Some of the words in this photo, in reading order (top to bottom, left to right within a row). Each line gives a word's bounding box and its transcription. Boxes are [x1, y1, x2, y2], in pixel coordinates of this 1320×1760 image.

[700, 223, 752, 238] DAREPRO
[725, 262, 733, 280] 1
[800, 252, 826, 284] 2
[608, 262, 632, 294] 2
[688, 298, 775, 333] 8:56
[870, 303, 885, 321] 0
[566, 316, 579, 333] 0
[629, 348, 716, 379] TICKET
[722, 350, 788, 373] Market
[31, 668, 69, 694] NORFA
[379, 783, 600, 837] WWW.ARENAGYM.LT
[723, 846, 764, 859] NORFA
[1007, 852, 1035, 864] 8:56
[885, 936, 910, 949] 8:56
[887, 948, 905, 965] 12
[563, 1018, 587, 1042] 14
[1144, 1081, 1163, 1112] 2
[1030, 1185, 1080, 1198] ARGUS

--

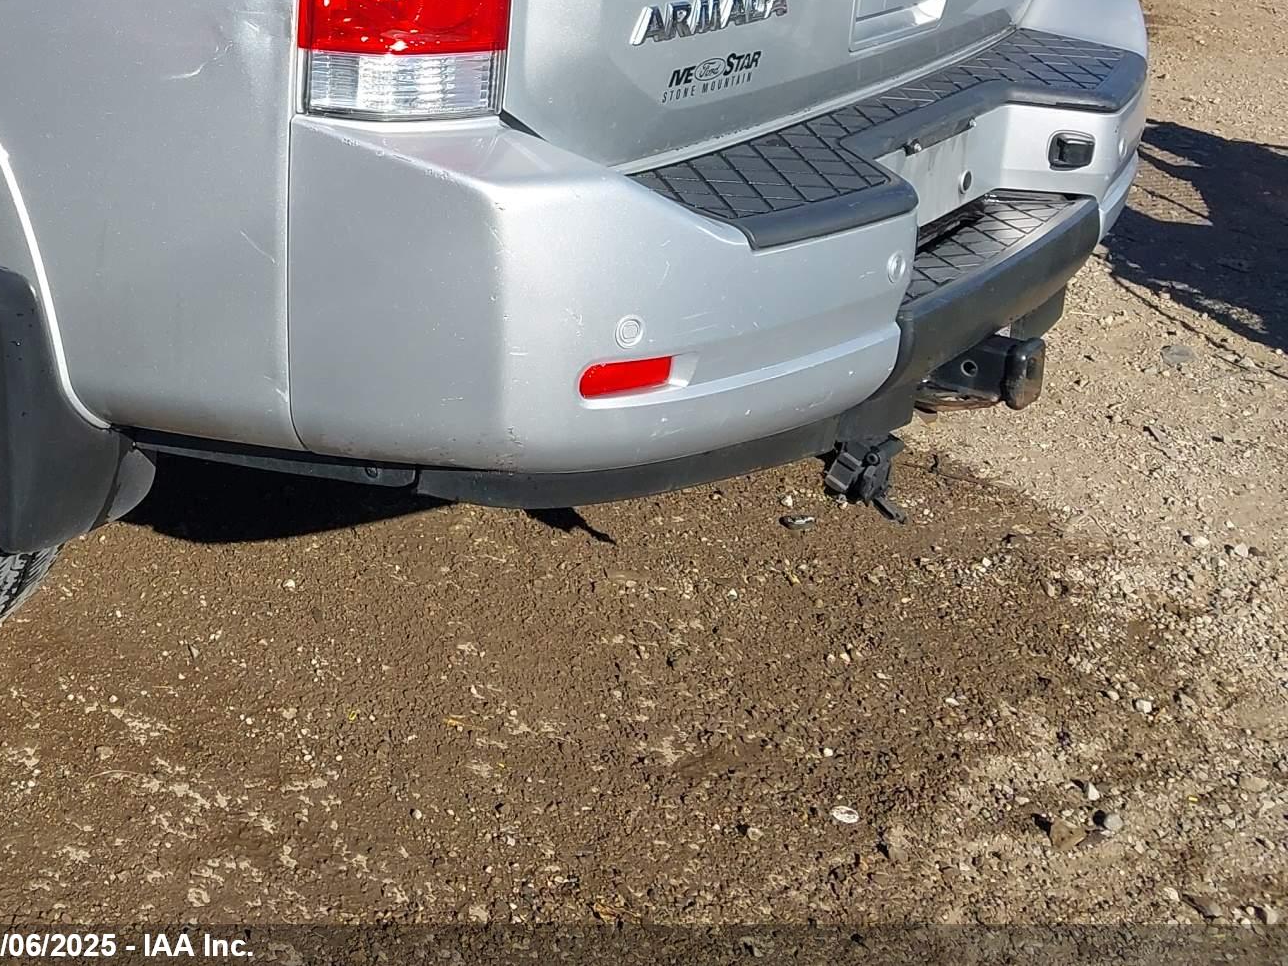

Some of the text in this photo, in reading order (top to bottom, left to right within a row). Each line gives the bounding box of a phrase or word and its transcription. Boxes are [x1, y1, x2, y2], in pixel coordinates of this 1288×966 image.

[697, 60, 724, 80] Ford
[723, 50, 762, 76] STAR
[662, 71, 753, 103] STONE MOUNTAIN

--

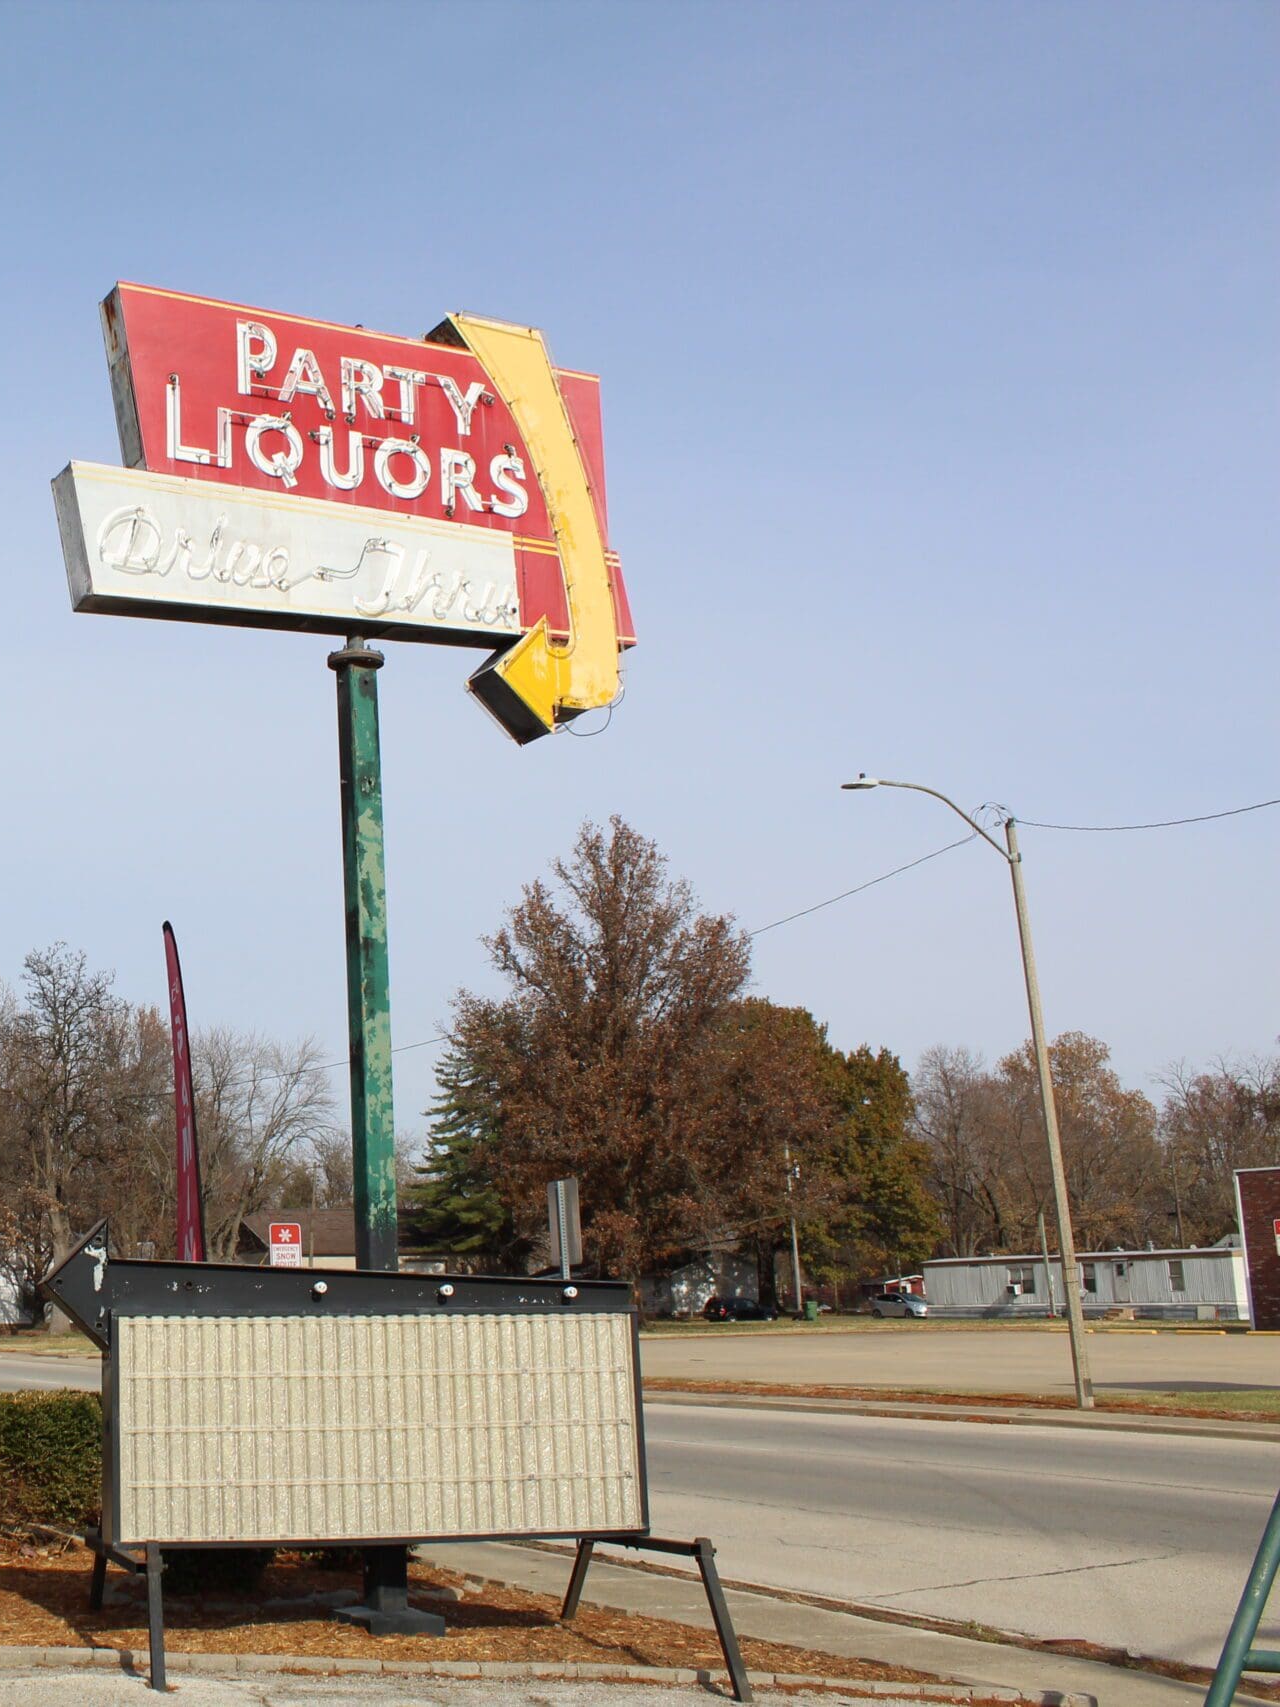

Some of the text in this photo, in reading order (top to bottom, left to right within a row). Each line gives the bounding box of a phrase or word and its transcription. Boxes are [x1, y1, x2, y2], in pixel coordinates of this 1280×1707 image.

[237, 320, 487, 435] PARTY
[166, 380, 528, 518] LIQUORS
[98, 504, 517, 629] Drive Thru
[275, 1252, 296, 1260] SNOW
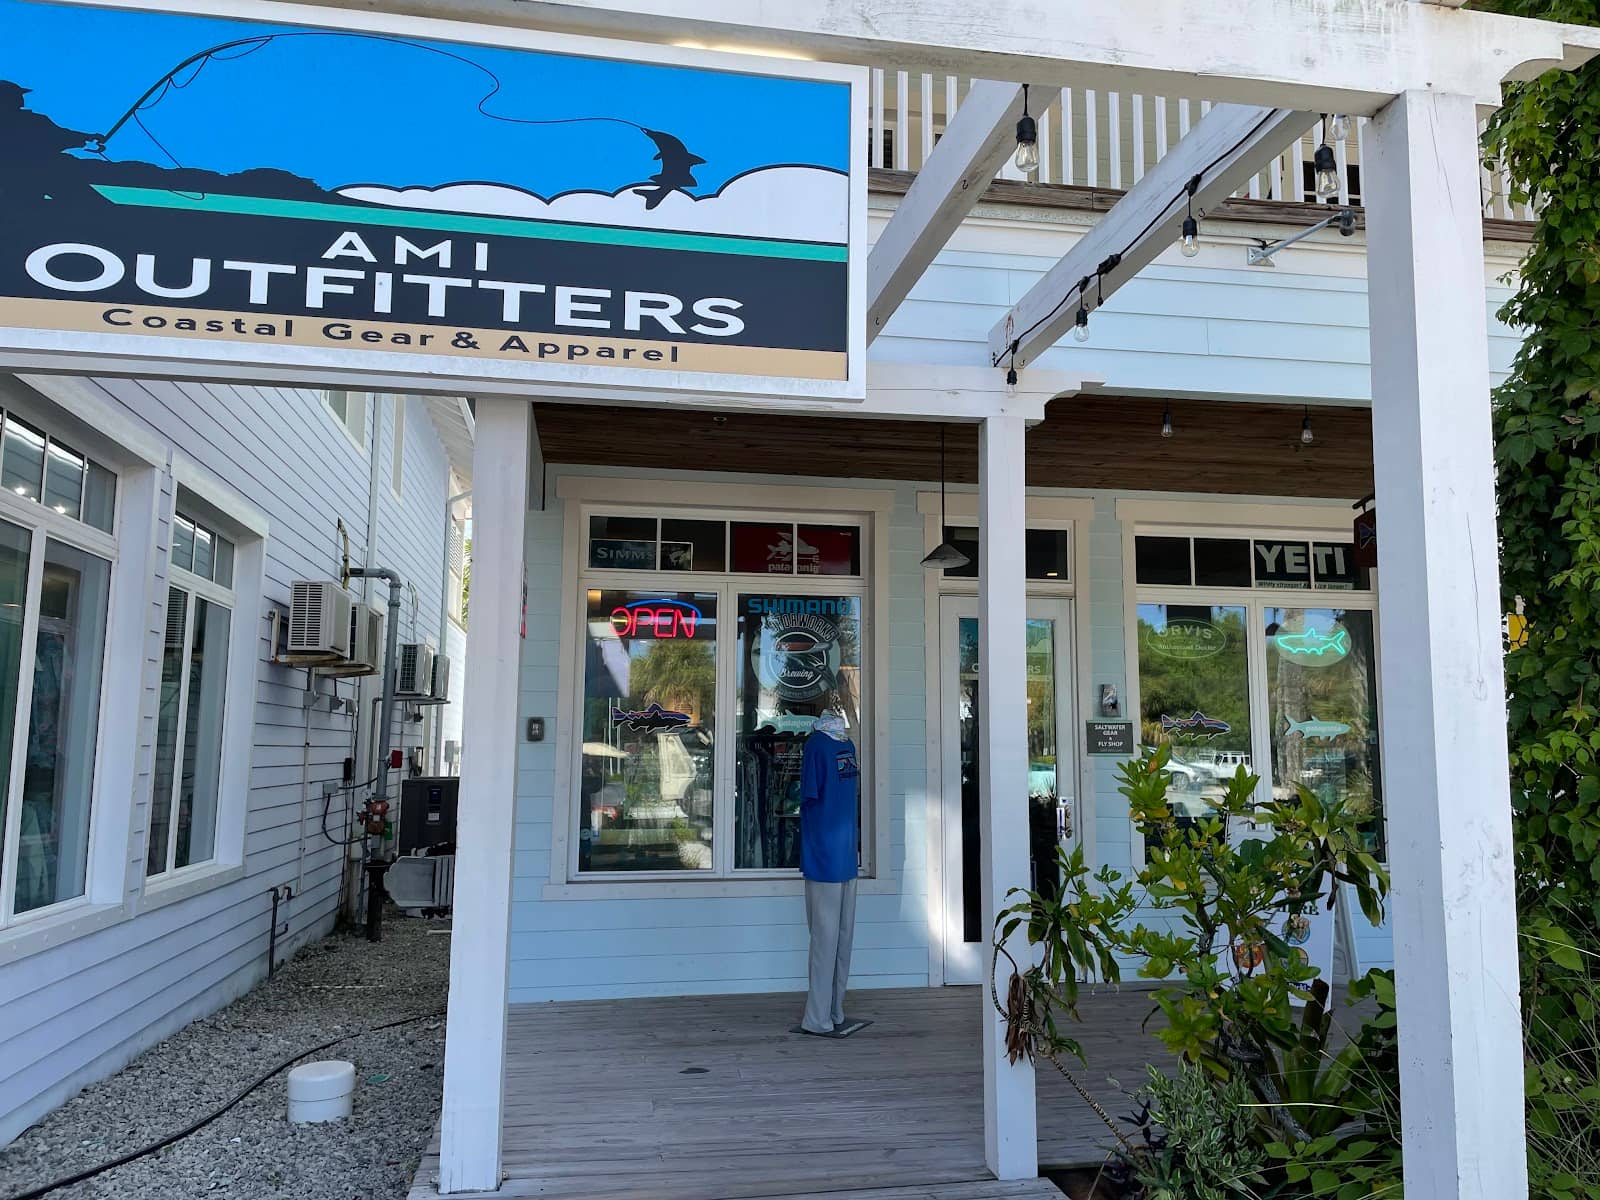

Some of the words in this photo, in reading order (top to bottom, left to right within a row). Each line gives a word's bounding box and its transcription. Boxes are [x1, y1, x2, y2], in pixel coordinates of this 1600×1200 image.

** Task brief **
Although pictures appear among the entries, please set down only the lines from the one with "this 1280×1707 image." up to and including the one with "this 1600×1200 image.", word for word.

** Answer to the exercise **
Some of the text in this photo, in reading order (top to bottom, left to right within a row). Each line gives the bounding box of a phrase or word and its transcription. Boxes are [x1, y1, x2, y2], in pixel coordinates of this 1280×1707 image.

[237, 320, 487, 435] PARTY
[166, 380, 528, 518] LIQUORS
[98, 504, 517, 629] Drive Thru
[275, 1252, 296, 1260] SNOW

Some of the words in this photo, in reading order (top to bottom, left to right within a row). Each line gives a word's bounding box and its transcription. Boxes are [x1, y1, x2, y2], in pixel coordinates of this 1600×1200 image.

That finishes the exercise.